The car moved on a short distance and stopped again. “Those people over there are the Armenians,” he said. I can tell from the priests and the kids”…The car moved on and again it stopped before another group. “Those people are Croats and Serbs, and maybe a few other people from around in there”…
The car moved and then stopped again. “The Italians. Corbett himself is probably over there somewhere with his wife and kids”…
The automobile moved to the last group of picnickers…the music was swing, jive, boogie-woogie, and the dancing was terrific. “Americans!” Spangler said. “Look at them! Americans-Greeks, Serbs, Poles, Russians, Armenians, Germans, Spaniards, Portuguese, Italians, Abyssinians, Jews, French, English, Scotch, Irish-look at them! Listen to them!”

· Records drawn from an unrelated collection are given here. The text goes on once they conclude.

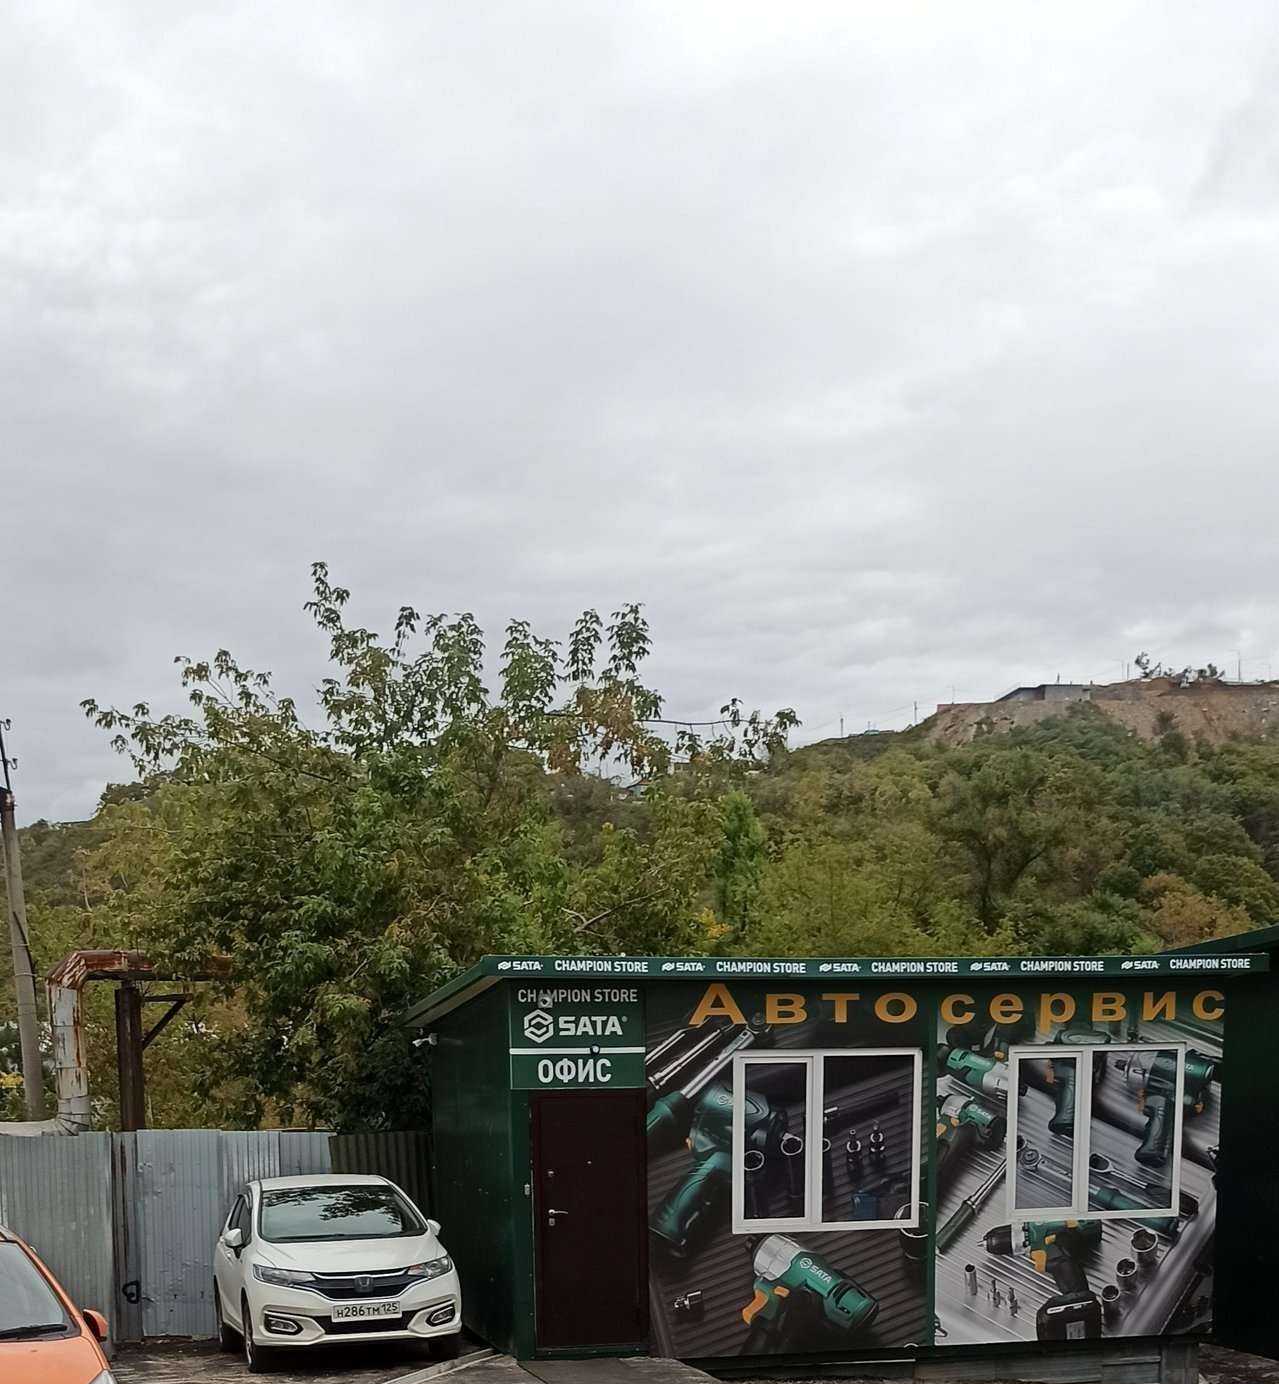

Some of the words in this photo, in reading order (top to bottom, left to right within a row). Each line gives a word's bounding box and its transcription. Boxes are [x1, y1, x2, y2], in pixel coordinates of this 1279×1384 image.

[512, 961, 543, 970] SATA
[554, 960, 612, 972] CHAMPION
[613, 961, 649, 973] STORE
[675, 962, 705, 972] SATA
[716, 961, 771, 973] CHAMPION
[773, 962, 807, 974] STORE
[832, 963, 861, 972] SATA
[871, 962, 924, 973] CHAMPION
[925, 962, 958, 973] STORE
[983, 962, 1010, 971] SATA
[1020, 961, 1072, 972] CHAMPION
[1073, 961, 1105, 972] STORE
[1133, 960, 1159, 970] SATA
[1169, 958, 1219, 969] CHAMPION
[1220, 958, 1250, 969] STORE
[594, 989, 638, 1002] STORE
[558, 1016, 624, 1036] SATA
[537, 1058, 612, 1084] ОФИС
[810, 1264, 832, 1284] SATA
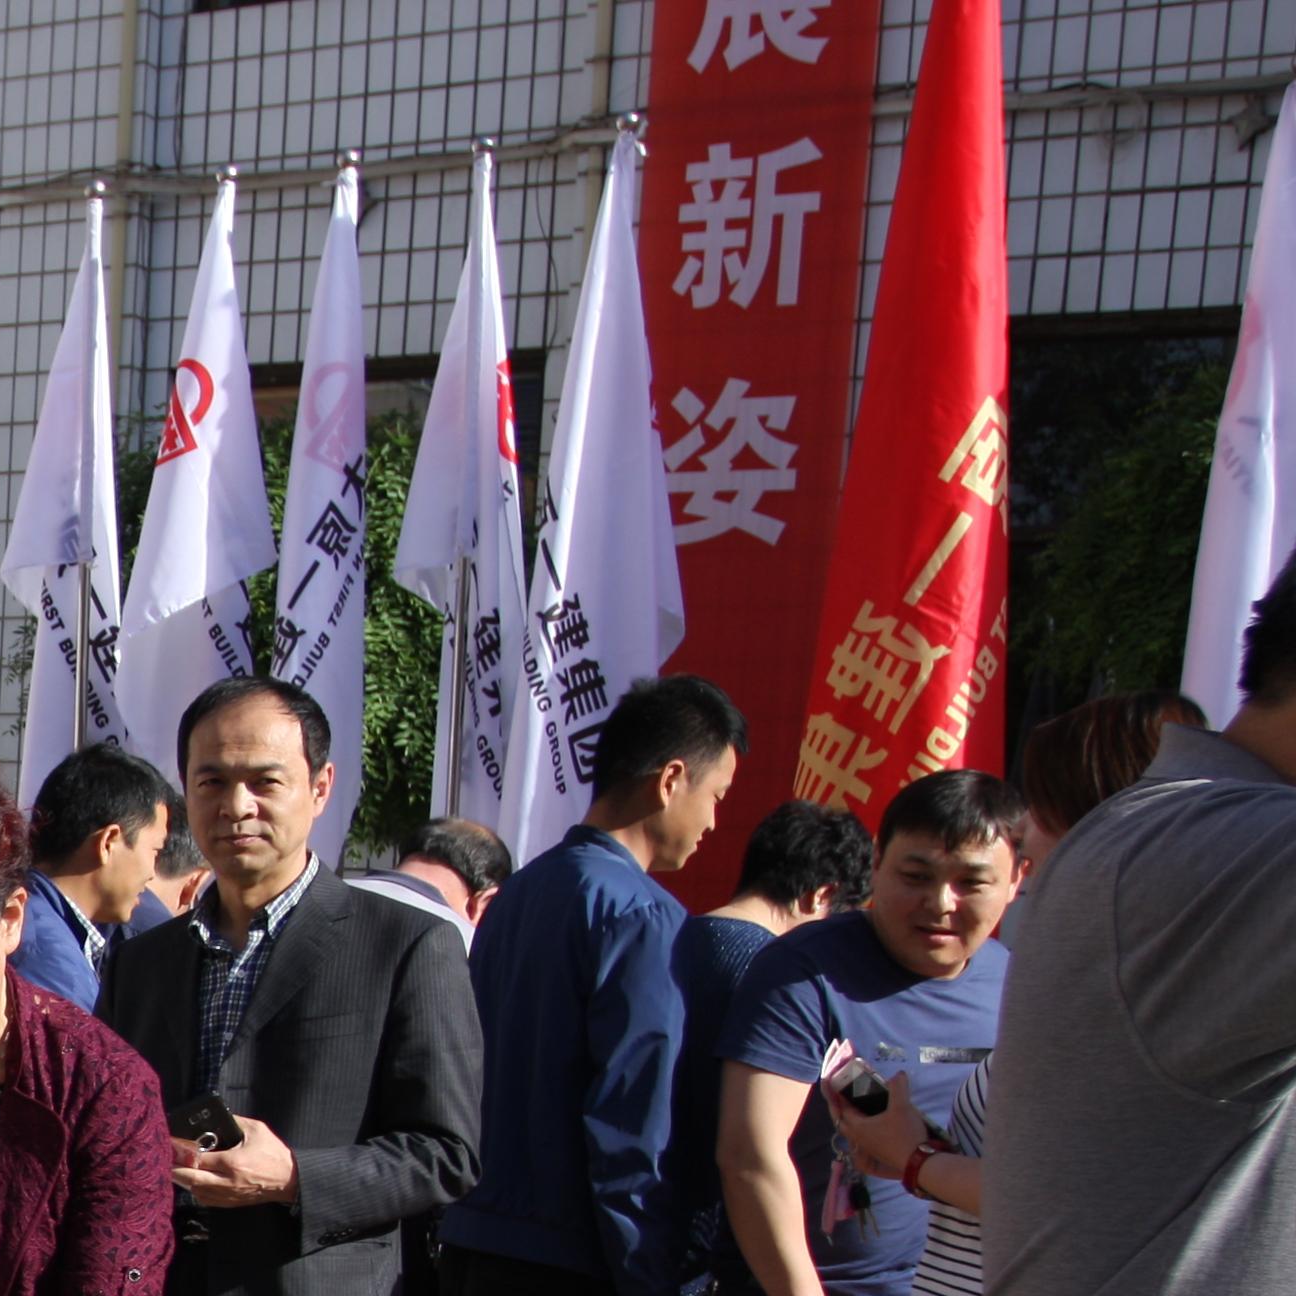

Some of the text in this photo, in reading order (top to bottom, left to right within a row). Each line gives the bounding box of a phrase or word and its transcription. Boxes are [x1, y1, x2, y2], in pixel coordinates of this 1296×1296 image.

They looked and they listened and then after a moment the automobile moved away.
~ William Saroyan, author The Human Comedy
Copyright 1943, 1971 by William Saroyan, Reprinted by permission of Harcourt Brace & Co.
Questions:
- Why is the author fascinated with the American picnic?
- Look at the date that the excerpt was written. Would an author use the same language and/or descriptions today?
- Reread Spangler’s description of the types of groups that make up the picnickers. What nationalities would describe today’s U.S. immigrant groups?
- In the Spangler exerpt, does the term "Jew" refer to a nationality or an ethnic group and religion. Why?